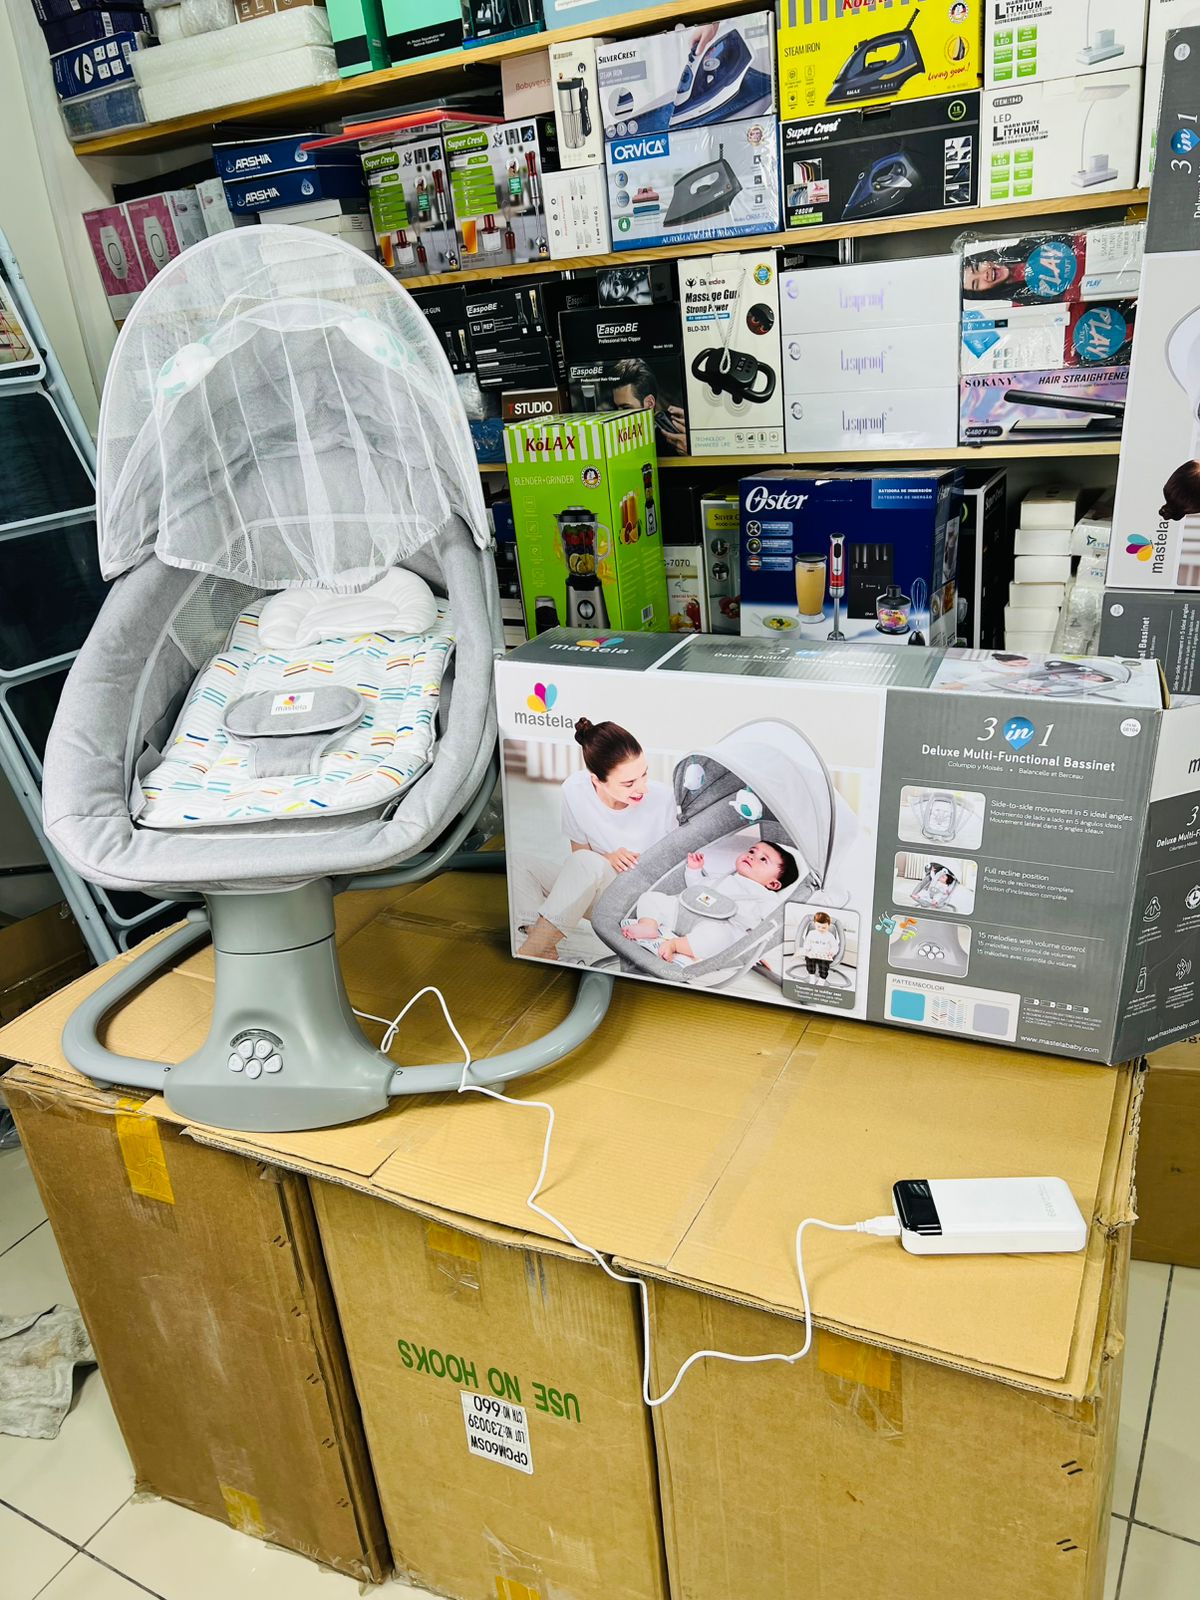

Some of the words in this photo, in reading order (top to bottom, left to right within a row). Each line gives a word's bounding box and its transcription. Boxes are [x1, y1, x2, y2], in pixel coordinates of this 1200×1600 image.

[784, 45, 805, 58] STEAM
[805, 42, 821, 53] IRON
[993, 113, 1012, 124] LED
[786, 126, 813, 140] Super
[447, 138, 466, 150] Super
[364, 157, 382, 169] Super
[1170, 159, 1193, 175] 3
[618, 173, 625, 182] 2
[1085, 279, 1101, 288] PLAY
[686, 304, 707, 314] Strong
[598, 322, 638, 335] EaspoBE
[687, 325, 710, 333] BLD-331
[571, 366, 603, 376] EaspoBE
[965, 376, 1014, 388] SOKANY
[1038, 375, 1061, 385] HAIR
[745, 485, 809, 513] Oster
[1152, 520, 1170, 574] mastela
[1138, 616, 1150, 649] Bassinet
[550, 643, 630, 655] mastela
[275, 704, 307, 712] mastela
[514, 711, 574, 729] mastela
[976, 716, 999, 742] 3
[1003, 720, 1035, 742] in
[1038, 722, 1055, 747] 1
[921, 744, 960, 758] Deluxe
[963, 747, 1060, 767] Multi-Functional
[1063, 756, 1116, 772] Bassinet
[947, 760, 977, 770] Columpio
[1018, 767, 1050, 777] Balancelle
[1058, 771, 1084, 780] Berceau
[990, 799, 1033, 811] Side-to-side
[1034, 804, 1073, 815] movement
[1074, 808, 1081, 816] in
[1082, 809, 1089, 817] 5
[1089, 810, 1107, 819] ideal
[1108, 812, 1133, 822] angles
[990, 809, 1024, 820] Movimiento
[1051, 816, 1065, 824] lado
[1186, 805, 1200, 826] 3
[989, 816, 1023, 827] Mouvement
[1058, 823, 1064, 831] 5
[1064, 824, 1083, 834] angles
[1156, 836, 1177, 849] Deluxe
[984, 866, 997, 875] Full
[998, 868, 1021, 878] recline
[1021, 872, 1050, 881] position
[982, 884, 1005, 893] Position
[978, 931, 986, 939] 15
[987, 933, 1017, 943] melodies
[1034, 941, 1060, 949] volume
[1060, 944, 1086, 953] control
[1055, 960, 1077, 969] volume
[1020, 1035, 1100, 1054] www.mastelababy.com
[397, 1338, 479, 1389] HOOKS
[487, 1367, 522, 1403] NO
[531, 1381, 581, 1423] USE

────────────────

WORK ITEM:
Apart from its pictures, the material above should be repeated exactly.

FINISHED TASK:
Some of the words in this photo, in reading order (top to bottom, left to right within a row). Each line gives a word's bounding box and its transcription. Boxes are [x1, y1, x2, y2], in pixel coordinates of this 1200×1600 image.

[784, 45, 805, 58] STEAM
[805, 42, 821, 53] IRON
[993, 113, 1012, 124] LED
[786, 126, 813, 140] Super
[447, 138, 466, 150] Super
[364, 157, 382, 169] Super
[1170, 159, 1193, 175] 3
[618, 173, 625, 182] 2
[1085, 279, 1101, 288] PLAY
[686, 304, 707, 314] Strong
[598, 322, 638, 335] EaspoBE
[687, 325, 710, 333] BLD-331
[571, 366, 603, 376] EaspoBE
[965, 376, 1014, 388] SOKANY
[1038, 375, 1061, 385] HAIR
[745, 485, 809, 513] Oster
[1152, 520, 1170, 574] mastela
[1138, 616, 1150, 649] Bassinet
[550, 643, 630, 655] mastela
[275, 704, 307, 712] mastela
[514, 711, 574, 729] mastela
[976, 716, 999, 742] 3
[1003, 720, 1035, 742] in
[1038, 722, 1055, 747] 1
[921, 744, 960, 758] Deluxe
[963, 747, 1060, 767] Multi-Functional
[1063, 756, 1116, 772] Bassinet
[947, 760, 977, 770] Columpio
[1018, 767, 1050, 777] Balancelle
[1058, 771, 1084, 780] Berceau
[990, 799, 1033, 811] Side-to-side
[1034, 804, 1073, 815] movement
[1074, 808, 1081, 816] in
[1082, 809, 1089, 817] 5
[1089, 810, 1107, 819] ideal
[1108, 812, 1133, 822] angles
[990, 809, 1024, 820] Movimiento
[1051, 816, 1065, 824] lado
[1186, 805, 1200, 826] 3
[989, 816, 1023, 827] Mouvement
[1058, 823, 1064, 831] 5
[1064, 824, 1083, 834] angles
[1156, 836, 1177, 849] Deluxe
[984, 866, 997, 875] Full
[998, 868, 1021, 878] recline
[1021, 872, 1050, 881] position
[982, 884, 1005, 893] Position
[978, 931, 986, 939] 15
[987, 933, 1017, 943] melodies
[1034, 941, 1060, 949] volume
[1060, 944, 1086, 953] control
[1055, 960, 1077, 969] volume
[1020, 1035, 1100, 1054] www.mastelababy.com
[397, 1338, 479, 1389] HOOKS
[487, 1367, 522, 1403] NO
[531, 1381, 581, 1423] USE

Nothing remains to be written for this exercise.